■ **What is expected**
Please retype, character for character, the portion of the entries below that runs from the line containing "this 1344×1512 image." to the last line.
*** Records supplied
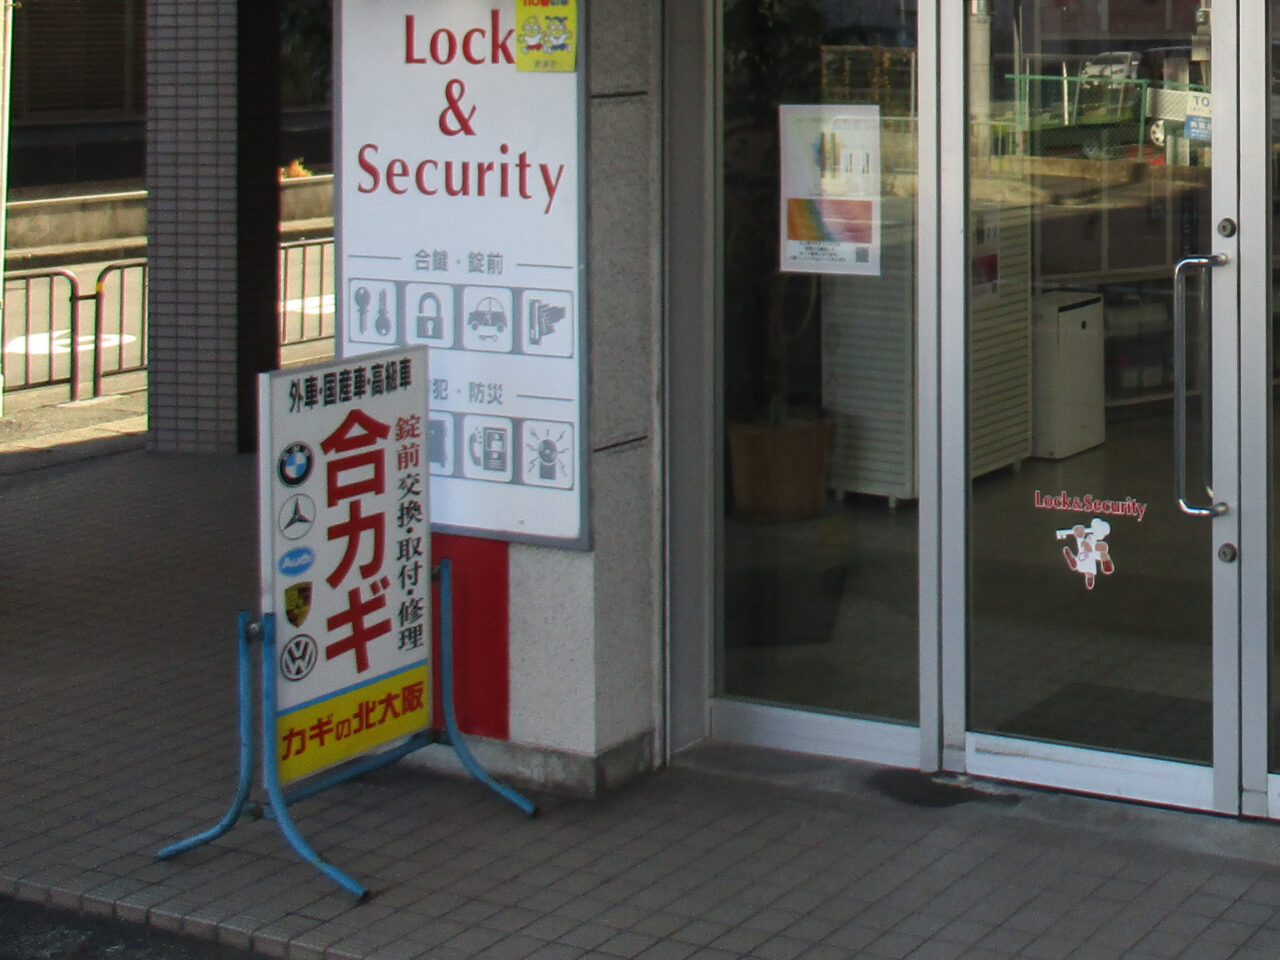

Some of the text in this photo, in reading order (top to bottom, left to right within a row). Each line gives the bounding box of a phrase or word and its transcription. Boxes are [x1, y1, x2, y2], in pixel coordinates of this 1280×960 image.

[405, 8, 515, 65] Lock
[438, 78, 478, 137] &
[357, 143, 566, 215] Security
[320, 408, 392, 675] 合カギ
[281, 680, 425, 761] カギの北大阪
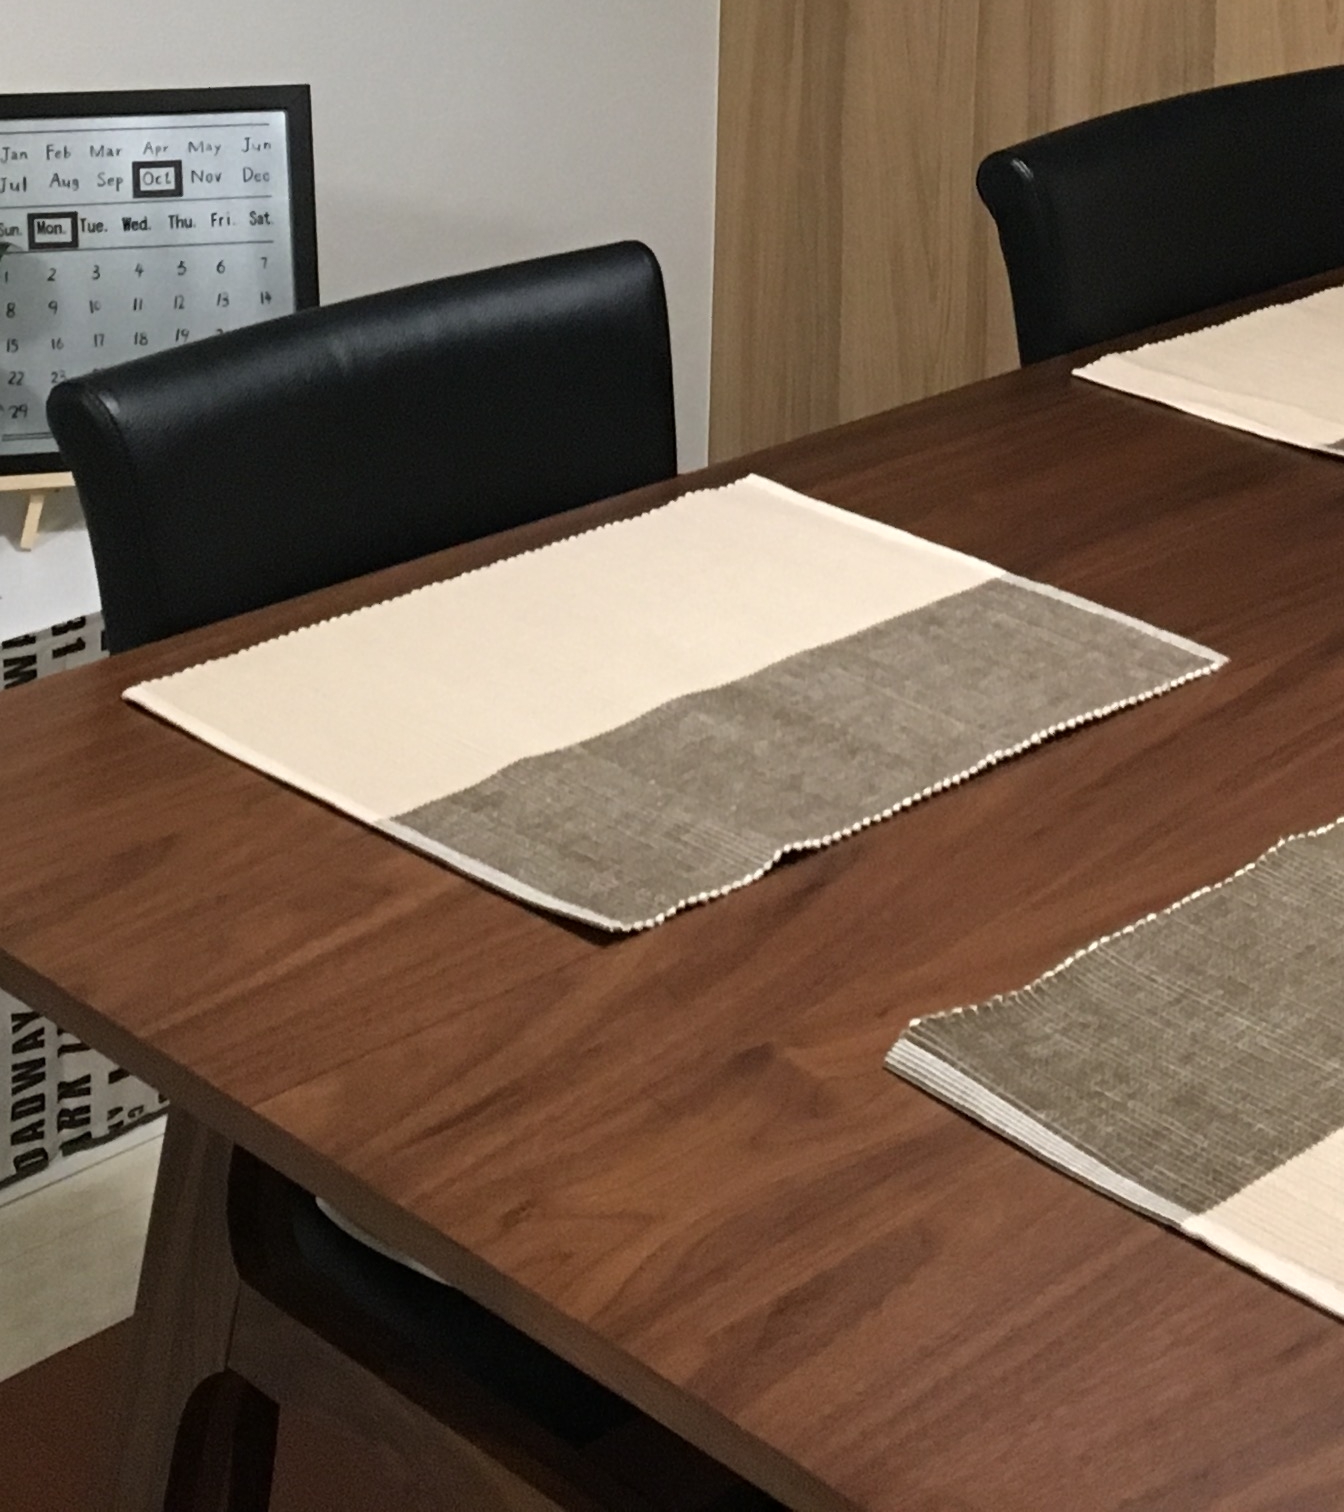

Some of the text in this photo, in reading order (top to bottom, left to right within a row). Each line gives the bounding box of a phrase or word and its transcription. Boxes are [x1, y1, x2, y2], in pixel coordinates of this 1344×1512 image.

[0, 137, 272, 164] Jan Feb Mar Apr May Jun
[49, 173, 80, 191] Aug
[97, 172, 124, 192] Sep
[142, 171, 173, 186] Oct
[191, 169, 222, 184] Nov
[242, 167, 270, 183] Dec
[37, 221, 66, 235] Mon.
[80, 217, 108, 233] Tue.
[121, 217, 151, 232] Wed.
[168, 214, 196, 229] Thu.
[211, 212, 235, 227] Fri.
[47, 260, 225, 282] 2 3 4 5 6
[6, 291, 272, 318] 8 9 10 11 12 13 14
[6, 327, 189, 353] 15 17 18 19
[8, 371, 24, 386] 22
[8, 403, 28, 419] 29
******
■ **Solution**
Some of the text in this photo, in reading order (top to bottom, left to right within a row). Each line gives the bounding box of a phrase or word and its transcription. Boxes are [x1, y1, x2, y2], in pixel coordinates of this 1344×1512 image.

[0, 137, 272, 164] Jan Feb Mar Apr May Jun
[49, 173, 80, 191] Aug
[97, 172, 124, 192] Sep
[142, 171, 173, 186] Oct
[191, 169, 222, 184] Nov
[242, 167, 270, 183] Dec
[37, 221, 66, 235] Mon.
[80, 217, 108, 233] Tue.
[121, 217, 151, 232] Wed.
[168, 214, 196, 229] Thu.
[211, 212, 235, 227] Fri.
[47, 260, 225, 282] 2 3 4 5 6
[6, 291, 272, 318] 8 9 10 11 12 13 14
[6, 327, 189, 353] 15 17 18 19
[8, 371, 24, 386] 22
[8, 403, 28, 419] 29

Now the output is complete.